> WHAT THE TASK ASKS: Please output all of the entries exactly and omit any images they hold.

═══

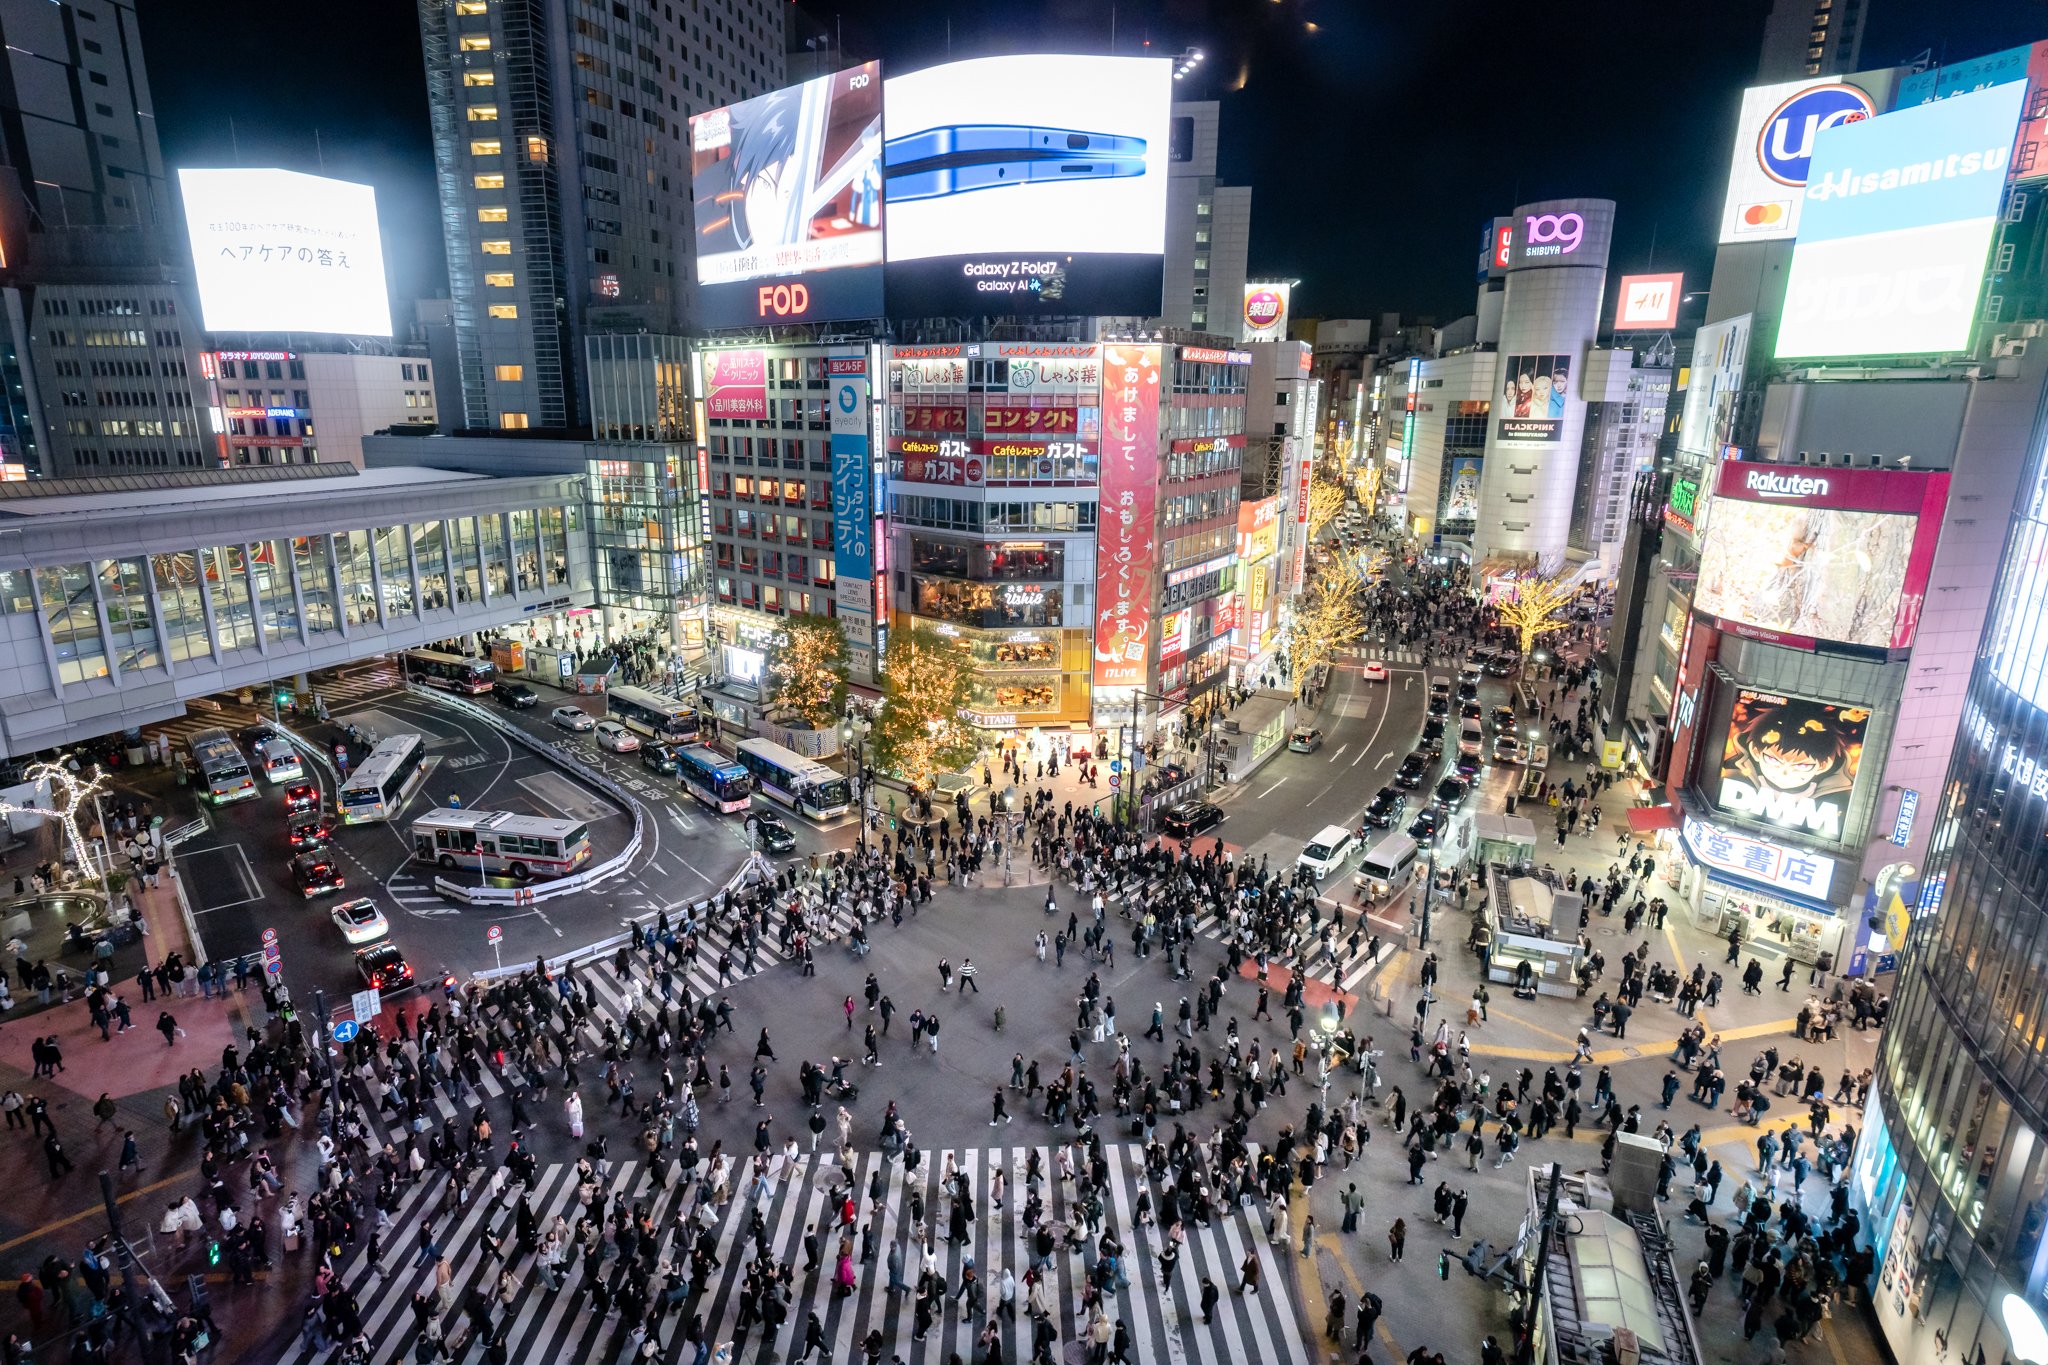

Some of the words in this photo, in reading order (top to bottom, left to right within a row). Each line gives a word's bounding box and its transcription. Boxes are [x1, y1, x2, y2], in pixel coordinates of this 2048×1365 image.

[850, 74, 869, 90] FOD
[1806, 146, 2007, 201] Hisamitsu
[1526, 213, 1584, 254] 109
[221, 244, 350, 269] ヘアケアの答え
[1526, 245, 1560, 257] SHIBUYA
[964, 263, 1010, 277] Galaxy
[1011, 262, 1019, 274] Z
[1022, 262, 1057, 274] Fold7
[977, 281, 1016, 293] Galaxy
[1017, 281, 1028, 290] AI
[759, 283, 808, 316] FOD
[220, 352, 248, 360] カラオケ
[250, 352, 284, 360] JOYSOUND
[1000, 345, 1097, 357] しゃぶしゃぶバイキング
[729, 357, 761, 371] 品川スキン
[832, 360, 862, 373] 当ビル5F
[730, 369, 759, 381] クリニック
[890, 370, 901, 382] 9F
[925, 366, 964, 383] しゃぶ葉
[1040, 365, 1097, 383] しゃぶ葉
[268, 409, 294, 417] ADERANS
[715, 398, 764, 413] 品川美容外科
[834, 416, 863, 428] eyecity
[905, 408, 965, 426] プライス
[985, 410, 1075, 428] コンタクト
[1504, 423, 1555, 431] BLACKPINK
[939, 440, 971, 457] ガスト
[1046, 442, 1088, 458] ガスト
[924, 459, 961, 481] ガスト
[1747, 470, 1829, 496] Rakuten
[836, 453, 852, 556] アイシティ
[852, 454, 866, 558] コンタクトの
[1115, 490, 1135, 643] おもしろくします。
[842, 581, 863, 591] CONTACT
[1004, 592, 1044, 605] Ushi8
[1736, 625, 1759, 636] Rakuten
[1718, 777, 1839, 835] DMM

═══

> OUTPUT BELOW:
Some of the words in this photo, in reading order (top to bottom, left to right within a row). Each line gives a word's bounding box and its transcription. Boxes are [x1, y1, x2, y2], in pixel coordinates of this 2048×1365 image.

[850, 74, 869, 90] FOD
[1806, 146, 2007, 201] Hisamitsu
[1526, 213, 1584, 254] 109
[221, 244, 350, 269] ヘアケアの答え
[1526, 245, 1560, 257] SHIBUYA
[964, 263, 1010, 277] Galaxy
[1011, 262, 1019, 274] Z
[1022, 262, 1057, 274] Fold7
[977, 281, 1016, 293] Galaxy
[1017, 281, 1028, 290] AI
[759, 283, 808, 316] FOD
[220, 352, 248, 360] カラオケ
[250, 352, 284, 360] JOYSOUND
[1000, 345, 1097, 357] しゃぶしゃぶバイキング
[729, 357, 761, 371] 品川スキン
[832, 360, 862, 373] 当ビル5F
[730, 369, 759, 381] クリニック
[890, 370, 901, 382] 9F
[925, 366, 964, 383] しゃぶ葉
[1040, 365, 1097, 383] しゃぶ葉
[268, 409, 294, 417] ADERANS
[715, 398, 764, 413] 品川美容外科
[834, 416, 863, 428] eyecity
[905, 408, 965, 426] プライス
[985, 410, 1075, 428] コンタクト
[1504, 423, 1555, 431] BLACKPINK
[939, 440, 971, 457] ガスト
[1046, 442, 1088, 458] ガスト
[924, 459, 961, 481] ガスト
[1747, 470, 1829, 496] Rakuten
[836, 453, 852, 556] アイシティ
[852, 454, 866, 558] コンタクトの
[1115, 490, 1135, 643] おもしろくします。
[842, 581, 863, 591] CONTACT
[1004, 592, 1044, 605] Ushi8
[1736, 625, 1759, 636] Rakuten
[1718, 777, 1839, 835] DMM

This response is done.